Dang, he has telescopic and microscopic?? I need to read more comics! XD


CL


----------



## CirdanLinweilin (Jan 4, 2020)

Olorgando said:


> You might get some annoyed looks by members of Christian Eastern Orthodoxy (the older paradigm) by implying, by my interpretation of your post, (Roman) Catholic exclusivity about things that are not exclusive to it. And just looking at two recent feast days, All Hallows Eve and Christmas were established centuries after the original Apostles to assimilate pagan festivities of two different pagan beliefs. 🤨


Actually Catholics celebrated Halloween since the ancient times, All Hallow's Eve, part of the Triduum with All Saint's Day and All Souls Day following, the pagan part didn't come till the 13th century! 


CL


But again, Off-topic.


XD


----------



## Olorgando (Jan 4, 2020)

CirdanLinweilin said:


> Dang, he has telescopic and microscopic?? I need to read more comics!

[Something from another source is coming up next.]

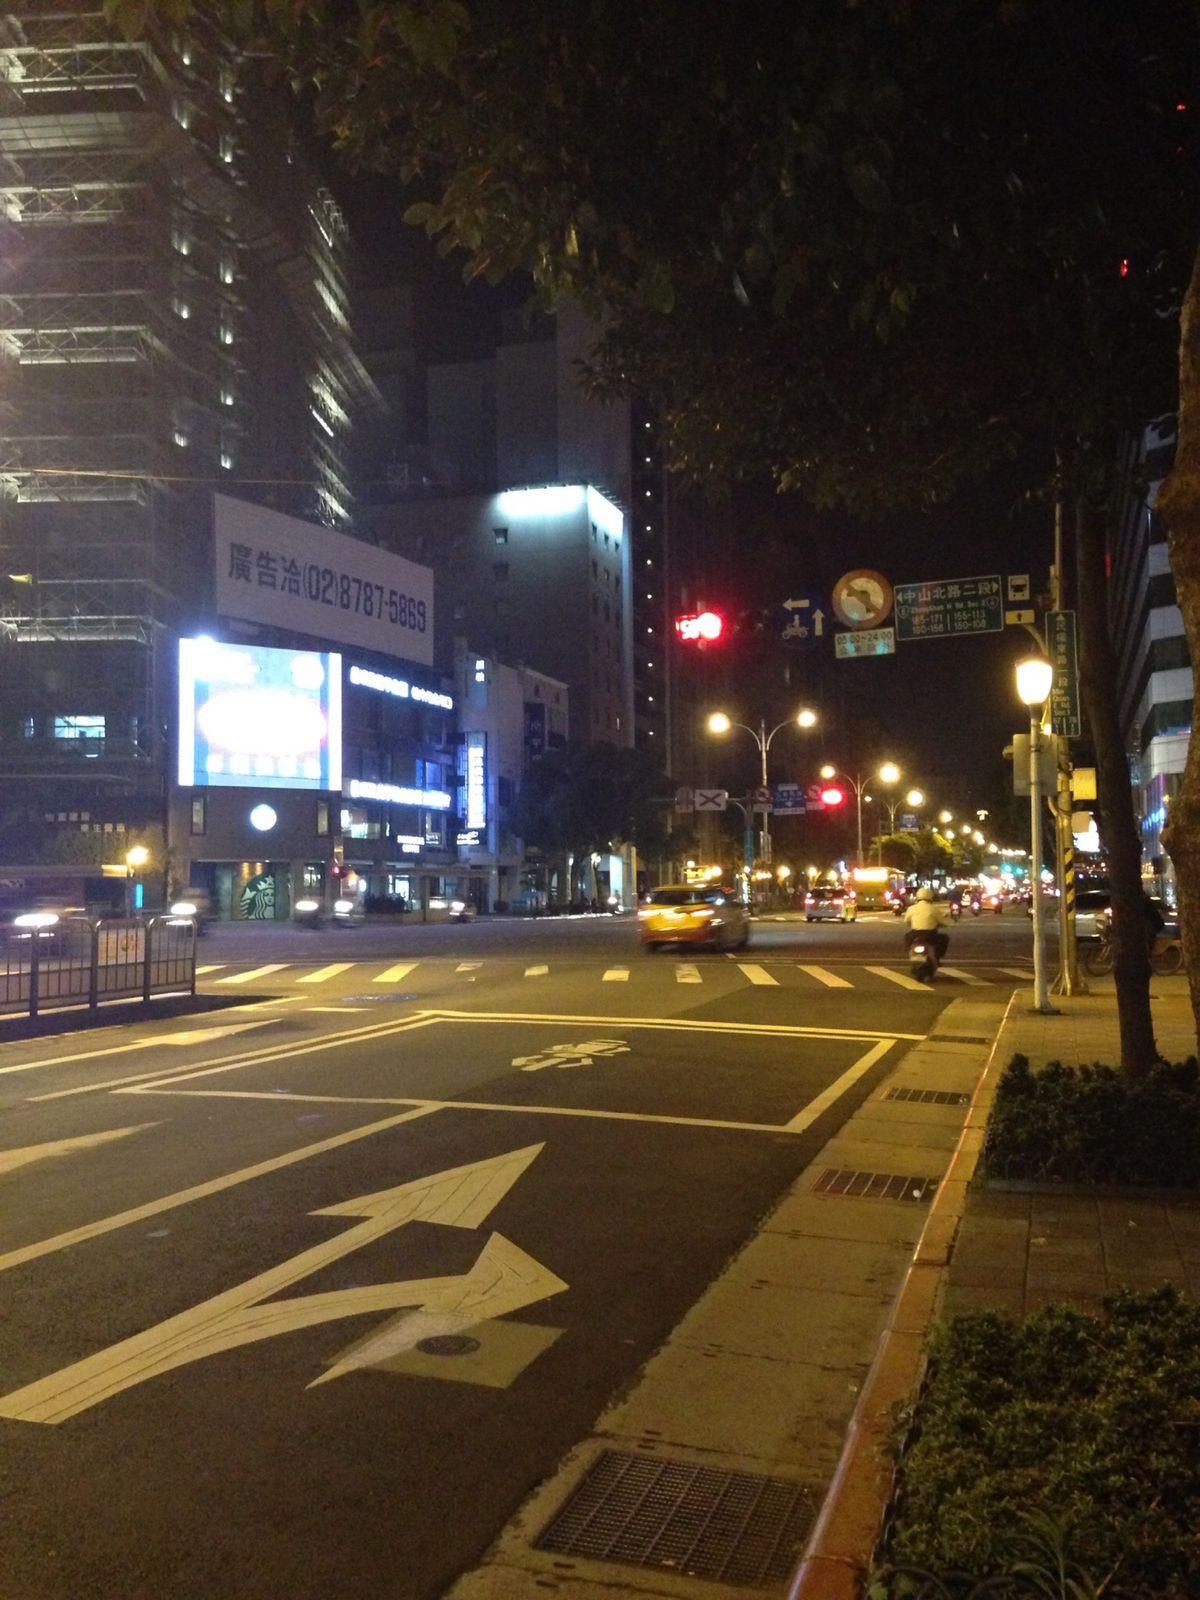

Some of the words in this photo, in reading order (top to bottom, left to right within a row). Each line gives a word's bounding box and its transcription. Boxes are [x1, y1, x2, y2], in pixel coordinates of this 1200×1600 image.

[904, 581, 991, 603] 中山北路二段

XD
> CL


Not sure that would help. I mean, there have legions of films (some in the ancient serial mode), TV shows and cartoons about him. I'm pretty sure about telescopic, slightly less so about microscopic (and then he might have been able to combine both with x-ray …)


----------



## CirdanLinweilin (Jan 4, 2020)

Olorgando said:


> Not sure that would help. I mean, there have legions of films (some in the ancient serial mode), TV shows and cartoons about him. I'm pretty sure about telescopic, slightly less so about microscopic (and then he might have been able to combine both with x-ray …)


Okay, true, that is very true, I just knew about x-ray and heat, I guess the mythos of Supes changed over time. 

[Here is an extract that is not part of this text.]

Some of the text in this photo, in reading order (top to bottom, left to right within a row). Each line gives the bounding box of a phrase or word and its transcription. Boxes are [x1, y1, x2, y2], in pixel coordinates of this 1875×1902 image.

And. maybe! In the movie_ Superman Returns_, he was able to go through what I would say are different layers of x-ray vision when examining someone, so I would think so!



CL


----------



## Olorgando (Jan 4, 2020)

CirdanLinweilin said:


> ... the pagan part didn't come till the 13th century!
> CL


I'd be very careful with that statement, too. From our early 1990s vacation in Ireland, I have two seriously fat books about Irish (Celtic) mythology, legends, and fairy-tales. I'll just mention the terms "Ulster Cycle" or "Red Branch Cycle", with its central heroes "King" Conchobar mac Nessa and the ultimate warrior Cú Chulainn, believed to take place in the first century AD, the Fenian Cycle centered around Fionn mac Cumhaill (ostensibly recorded by his son Oisin or Ossian. and taking place in the 3rd century AD), or the Welsh "Mabinogion", may have all been first reliably *written down* in the 13th century (at the time the "Romanization" of the divergent Irish Catholic Church may or may not have been completely achieved by Anglo-Normans), but at any rate by Christian writer bent on "sanitizing" these stories. As even the unknown author of "Beowulf", writing perhaps several centuries (how many is in dispute, JRRT favored earlier times) before the 13th, did. Though with an amount of sympathy lacking in Bede, a venerated if somewhat (not to say severely) narrow-minded man totally lacked, and which I would argue was only matched by JRRT many centuries later, whom I have elsewhere called "the Beowulf-author of the 20th century".


----------



## CirdanLinweilin (Jan 4, 2020)

Olorgando said:


> I'd be very careful with that statement, too. From our early 1990s vacation in Ireland, I have two seriously fat books about Irish (Celtic) mythology, legends, and fairy-tales. I'll just mention the terms "Ulster Cycle" or "Red Branch Cycle", with its central heroes "King" Conchobar mac Nessa and the ultimate warrior Cú Chulainn, believed to take place in the first century AD, the Fenian Cycle centered around Fionn mac Cumhaill (ostensibly recorded by his son Oisin or Ossian. and taking place in the 3rd century AD), or the Welsh "Mabinogion", may have all been first reliably *written down* in the 13th century (at the time the "Romanization" of the divergent Irish Catholic Church may or may not have been completely achieved by Anglo-Normans), but at any rate by Christian writer bent on "sanitizing" these stories. As even the unknown author of "Beowulf", writing perhaps several centuries (how many is in dispute, JRRT favored earlier times) before the 13th, did. Though with an amount of sympathy lacking in Bede, a venerated if somewhat (not to say severely) narrow-minded man totally lacked, and which I would argue was only matched by JRRT many centuries later, whom I have elsewhere called "the Beowulf-author of the 20th century".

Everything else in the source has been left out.